▶ **WHAT YOU HAVE TO DO**: Output only the lines from the one holding "this 960×1280 image." to the end of the data below, please, copied exactly.

[Images for object localization]
◇ ◇ ◇ ◇ ◇

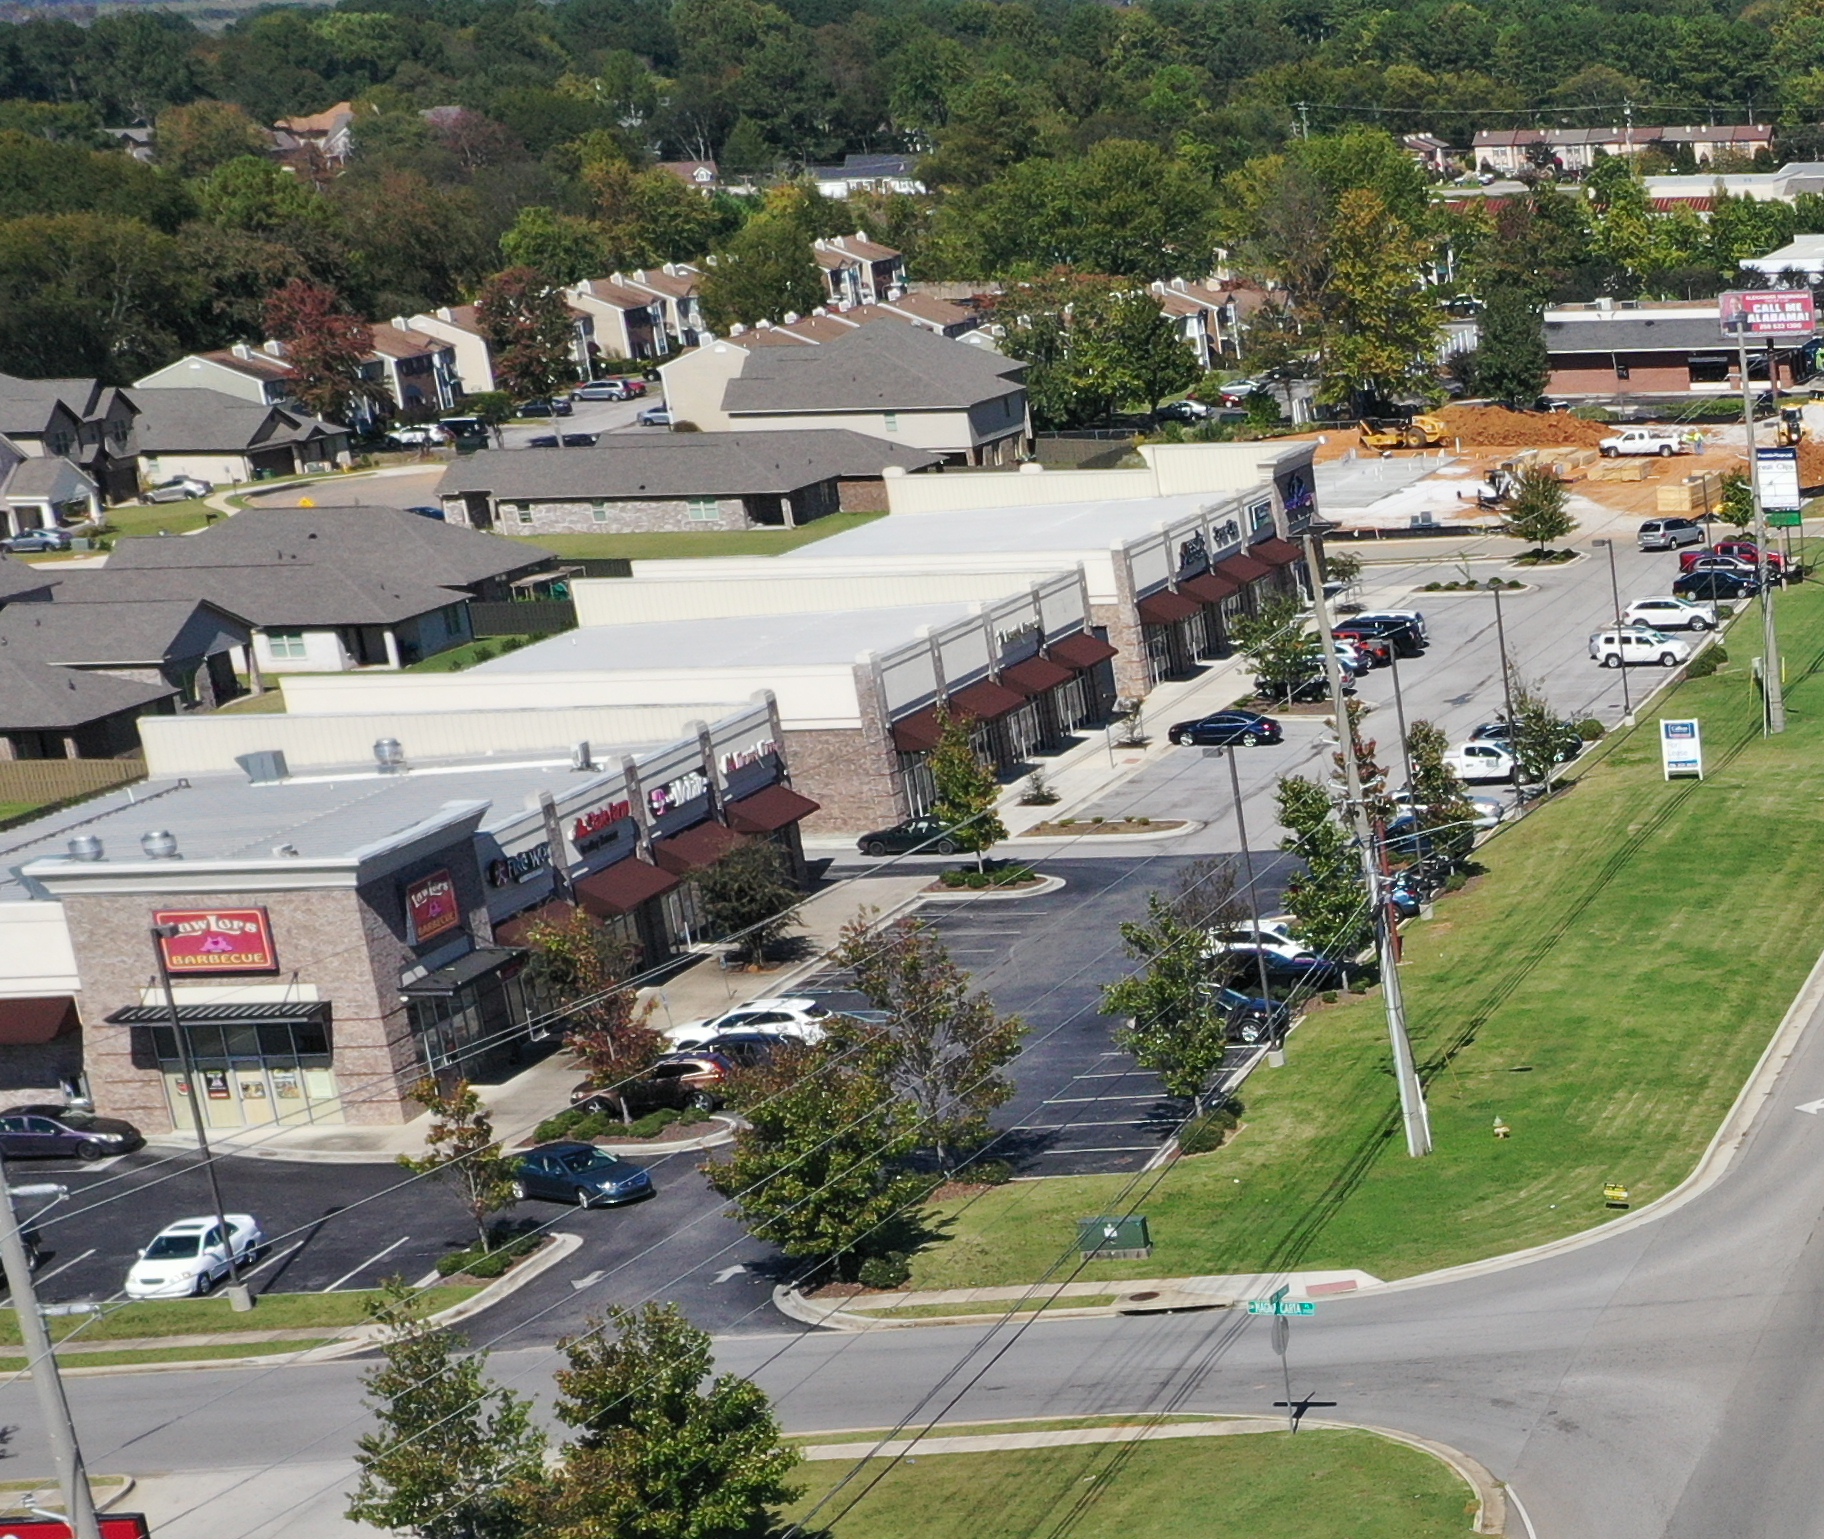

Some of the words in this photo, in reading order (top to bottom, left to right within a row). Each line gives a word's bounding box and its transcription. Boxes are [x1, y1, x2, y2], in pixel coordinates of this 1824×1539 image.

[1752, 303, 1781, 313] CALL
[1784, 302, 1803, 312] ME
[1747, 312, 1810, 324] ALABAMA!
[171, 915, 258, 938] awLers
[171, 953, 265, 965] BARBECUE
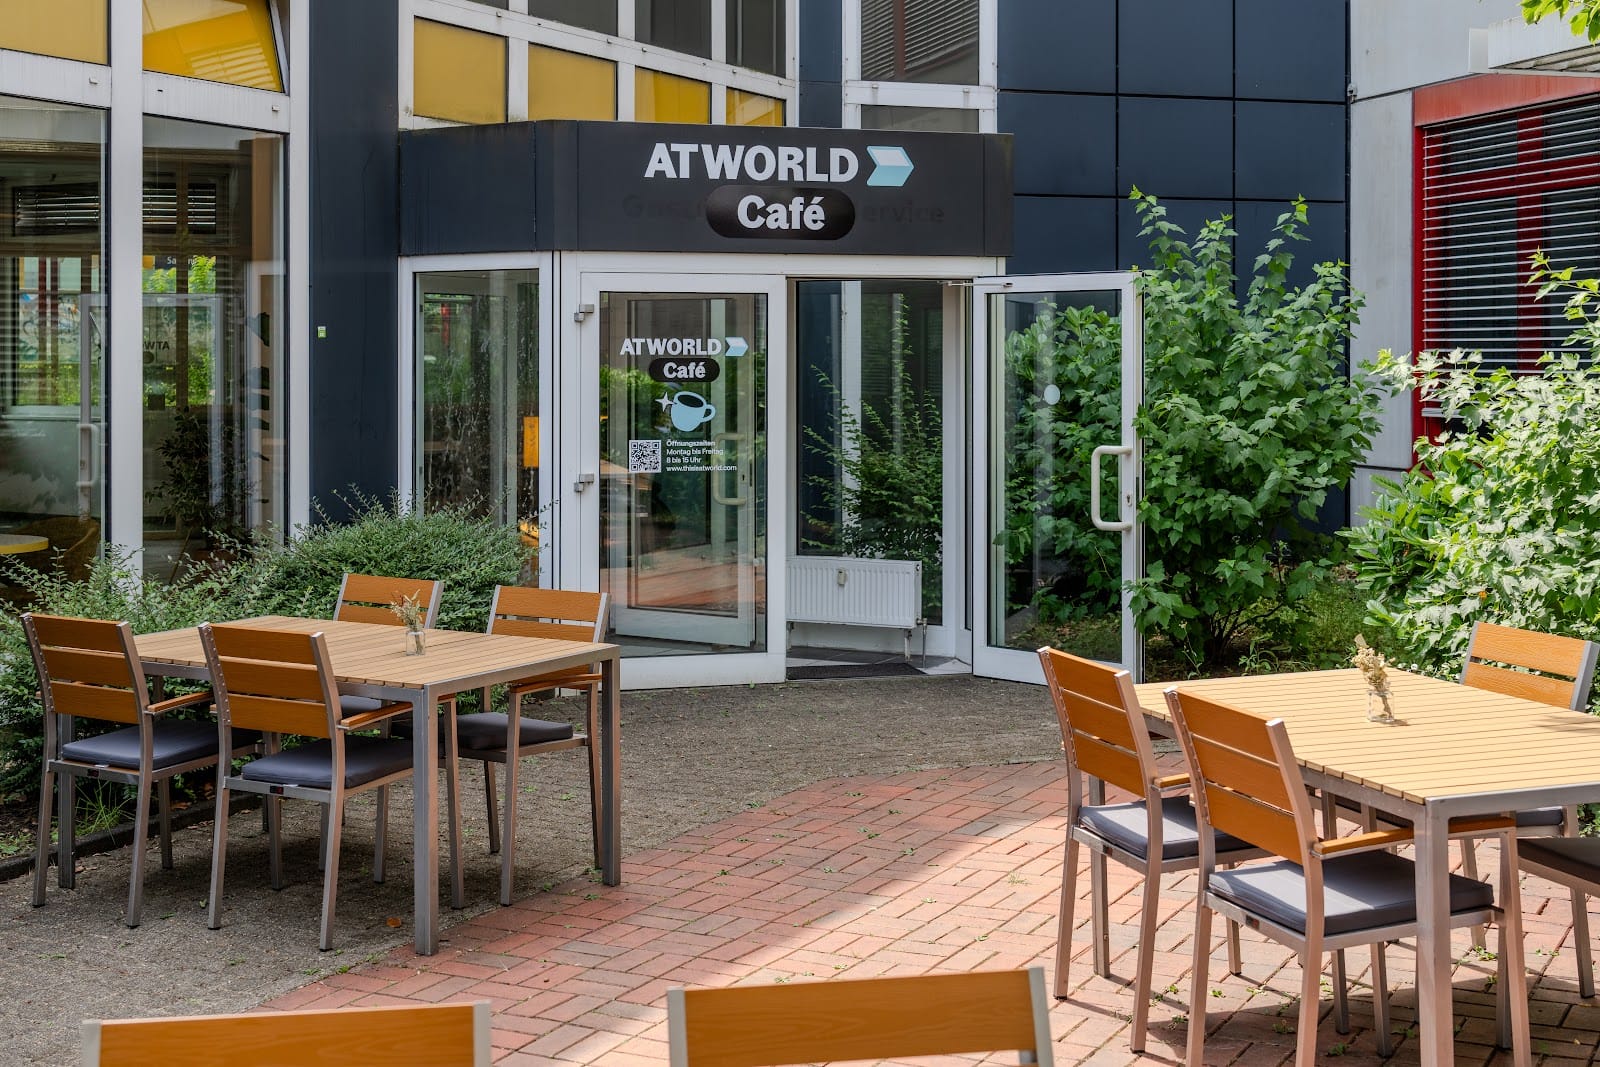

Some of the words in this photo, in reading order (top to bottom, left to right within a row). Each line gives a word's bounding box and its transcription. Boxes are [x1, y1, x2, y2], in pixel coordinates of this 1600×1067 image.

[737, 195, 825, 231] Café
[663, 361, 706, 379] Café
[666, 439, 716, 448] Öffnungszeiten
[666, 448, 691, 456] Montag
[702, 448, 724, 456] Freitag
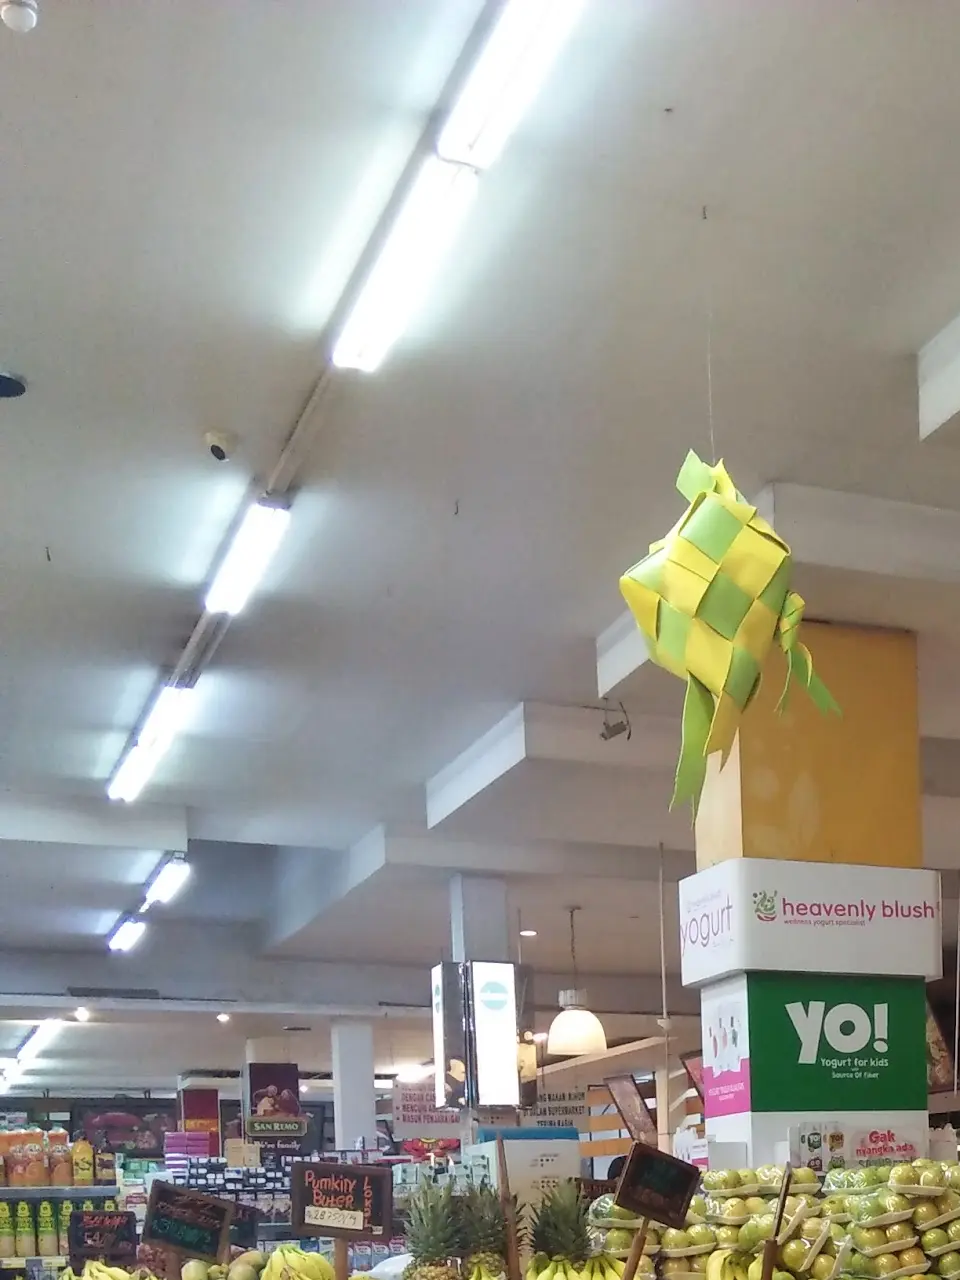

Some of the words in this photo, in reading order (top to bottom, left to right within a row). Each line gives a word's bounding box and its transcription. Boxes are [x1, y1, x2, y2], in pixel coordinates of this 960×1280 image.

[782, 898, 876, 921] heavenly
[881, 900, 935, 919] blush
[681, 893, 733, 957] yogurt
[785, 1000, 889, 1064] YO!
[820, 1058, 852, 1068] Yogurt
[854, 1058, 868, 1067] for
[870, 1058, 889, 1067] kids
[254, 1122, 272, 1131] SAN
[273, 1122, 299, 1131] REMO
[868, 1129, 895, 1144] Gak
[277, 1139, 301, 1151] family
[856, 1144, 894, 1157] nyangka

◇ ◇ ◇ ◇ ◇

▶ **RESULT**:
Some of the words in this photo, in reading order (top to bottom, left to right within a row). Each line gives a word's bounding box and its transcription. Boxes are [x1, y1, x2, y2], in pixel coordinates of this 960×1280 image.

[782, 898, 876, 921] heavenly
[881, 900, 935, 919] blush
[681, 893, 733, 957] yogurt
[785, 1000, 889, 1064] YO!
[820, 1058, 852, 1068] Yogurt
[854, 1058, 868, 1067] for
[870, 1058, 889, 1067] kids
[254, 1122, 272, 1131] SAN
[273, 1122, 299, 1131] REMO
[868, 1129, 895, 1144] Gak
[277, 1139, 301, 1151] family
[856, 1144, 894, 1157] nyangka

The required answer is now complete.